[Annotated photo localization data]
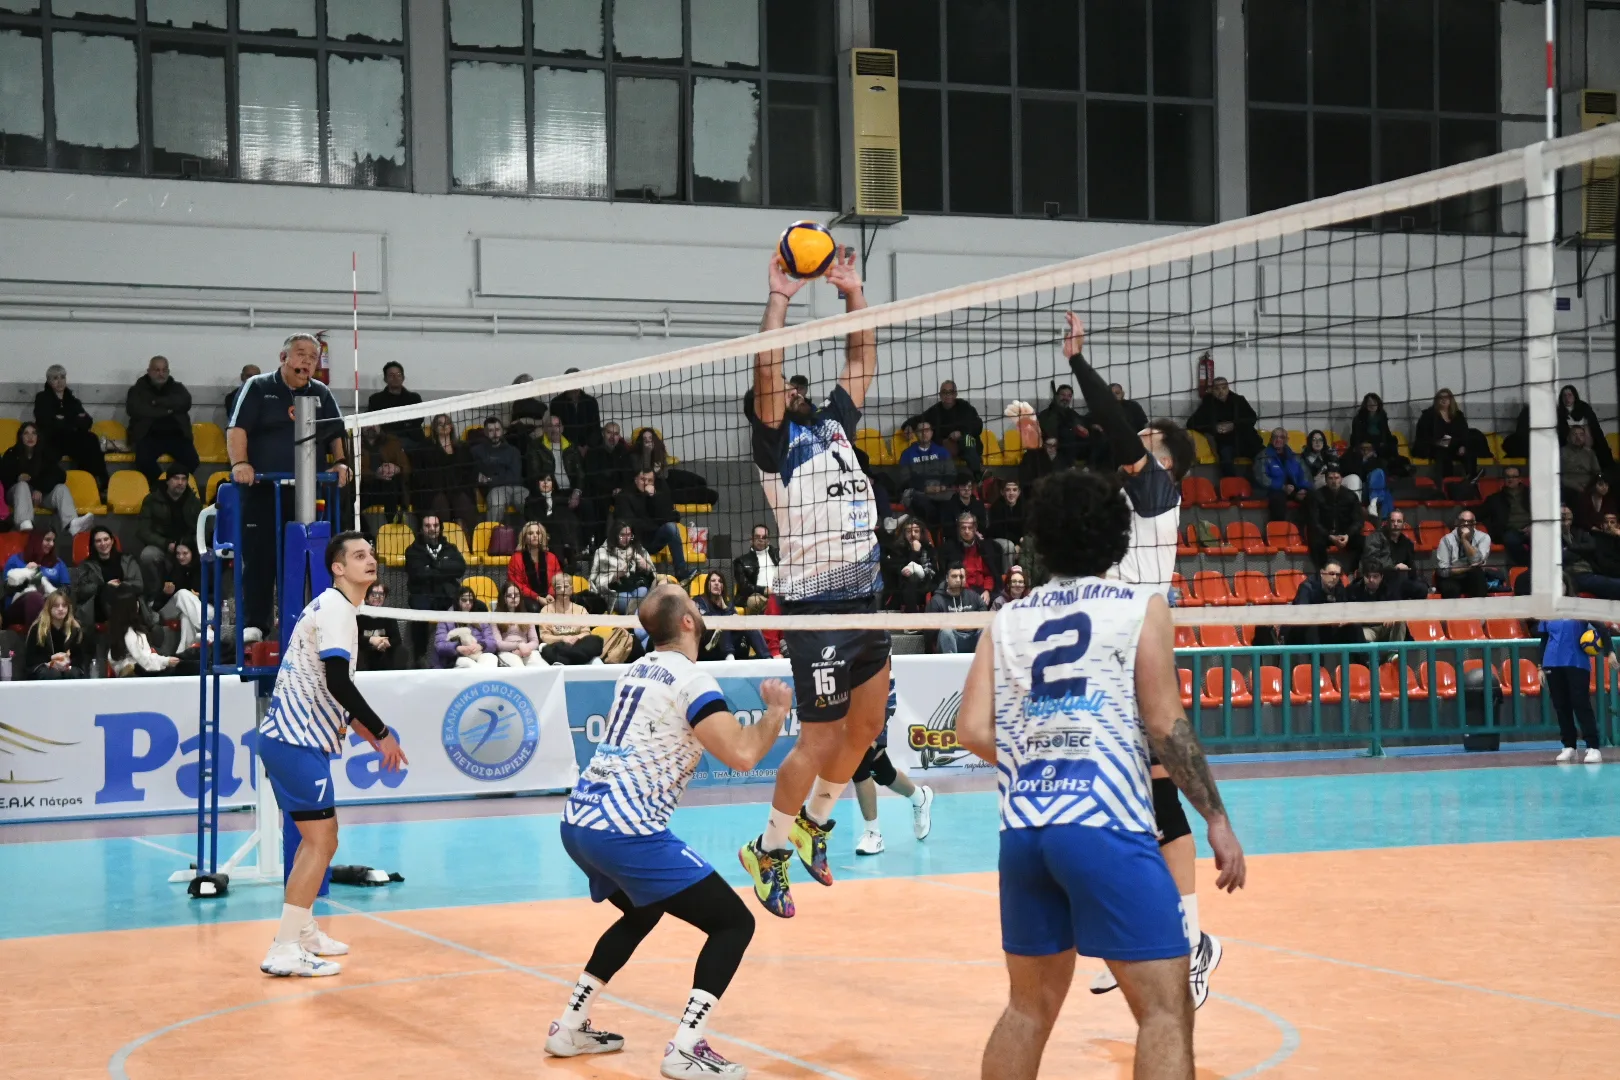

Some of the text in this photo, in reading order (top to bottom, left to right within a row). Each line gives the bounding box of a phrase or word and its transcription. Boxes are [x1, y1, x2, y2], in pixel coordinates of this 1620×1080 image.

[1031, 611, 1092, 702] 2
[812, 668, 836, 695] 15
[445, 688, 479, 740] ΕΛΛΗΝΙΚΗ
[482, 684, 536, 736] ΟΜΟΣΠΟΝΔΙΑ
[606, 684, 646, 746] 11
[452, 747, 531, 776] ΠΕΤΟΣΦΑΙΡΙΣΗΣ
[40, 797, 83, 807] Πάτρας
[315, 778, 327, 801] 7
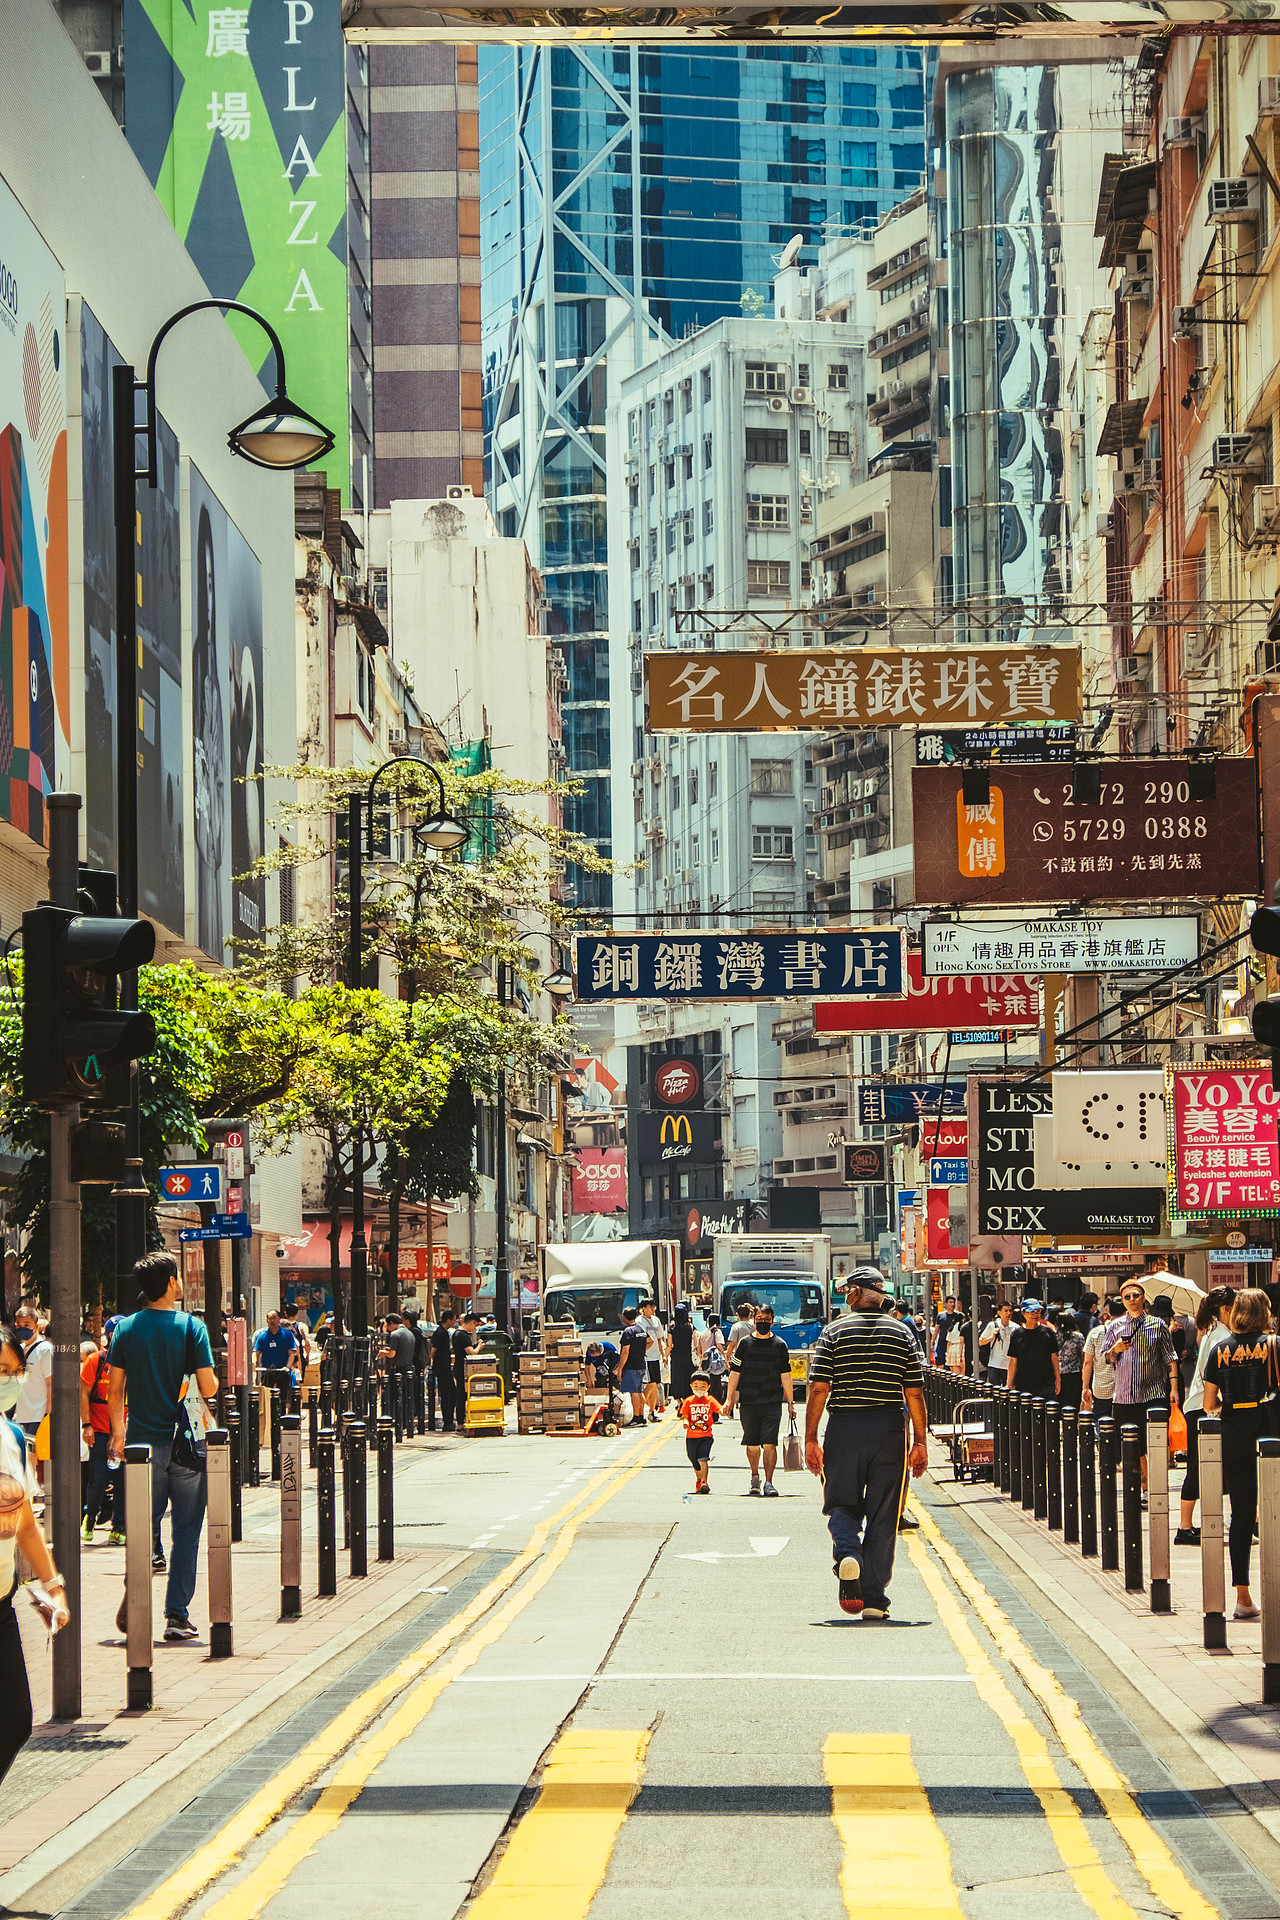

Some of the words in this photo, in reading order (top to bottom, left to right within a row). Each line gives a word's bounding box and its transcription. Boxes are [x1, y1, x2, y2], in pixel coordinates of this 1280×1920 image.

[206, 7, 251, 141] 廣場
[0, 262, 18, 315] OGO
[1048, 727, 1071, 739] 4/F
[1062, 783, 1125, 806] 272
[1144, 781, 1204, 803] 290
[1063, 819, 1126, 841] 5729
[1144, 816, 1208, 839] 0388
[1024, 922, 1078, 933] OMAKASE
[1081, 921, 1104, 932] TOY
[936, 931, 957, 942] 1/F
[933, 944, 960, 953] OPEN
[972, 938, 1166, 959] 情趣用品香港旗艦店
[591, 938, 889, 992] 銅鑼灣書店
[668, 1085, 688, 1097] Hut
[1187, 1134, 1220, 1144] Beauty
[1222, 1132, 1256, 1142] service
[1184, 1147, 1271, 1168] 嫁接睫毛
[1183, 1170, 1227, 1181] Eyelashes
[1229, 1168, 1272, 1179] extension
[587, 1180, 611, 1192] 莎莎
[1185, 1181, 1231, 1207] 3/F
[1239, 1185, 1268, 1202] TEL:
[986, 1206, 1047, 1231] SEX
[1087, 1214, 1135, 1224] OMAKASE
[1135, 1215, 1156, 1224] TOY
[690, 1406, 710, 1415] BABY

* _Problem to solve_: Transcribe each entry exactly, pictures excluded.

* _Response area_:
Some of the text in this photo, in reading order (top to bottom, left to right within a row). Each line gives the bounding box of a phrase or word and its transcription. Boxes are [x1, y1, x2, y2], in pixel coordinates of this 1620×1080 image.

[1031, 611, 1092, 702] 2
[812, 668, 836, 695] 15
[445, 688, 479, 740] ΕΛΛΗΝΙΚΗ
[482, 684, 536, 736] ΟΜΟΣΠΟΝΔΙΑ
[606, 684, 646, 746] 11
[452, 747, 531, 776] ΠΕΤΟΣΦΑΙΡΙΣΗΣ
[40, 797, 83, 807] Πάτρας
[315, 778, 327, 801] 7

Some of the words in this photo, in reading order (top to bottom, left to right within a row). Each line gives a word's bounding box and its transcription. Boxes are [x1, y1, x2, y2], in pixel coordinates of this 1280×1920 image.

[206, 7, 251, 141] 廣場
[0, 262, 18, 315] OGO
[1048, 727, 1071, 739] 4/F
[1062, 783, 1125, 806] 272
[1144, 781, 1204, 803] 290
[1063, 819, 1126, 841] 5729
[1144, 816, 1208, 839] 0388
[1024, 922, 1078, 933] OMAKASE
[1081, 921, 1104, 932] TOY
[936, 931, 957, 942] 1/F
[933, 944, 960, 953] OPEN
[972, 938, 1166, 959] 情趣用品香港旗艦店
[591, 938, 889, 992] 銅鑼灣書店
[668, 1085, 688, 1097] Hut
[1187, 1134, 1220, 1144] Beauty
[1222, 1132, 1256, 1142] service
[1184, 1147, 1271, 1168] 嫁接睫毛
[1183, 1170, 1227, 1181] Eyelashes
[1229, 1168, 1272, 1179] extension
[587, 1180, 611, 1192] 莎莎
[1185, 1181, 1231, 1207] 3/F
[1239, 1185, 1268, 1202] TEL:
[986, 1206, 1047, 1231] SEX
[1087, 1214, 1135, 1224] OMAKASE
[1135, 1215, 1156, 1224] TOY
[690, 1406, 710, 1415] BABY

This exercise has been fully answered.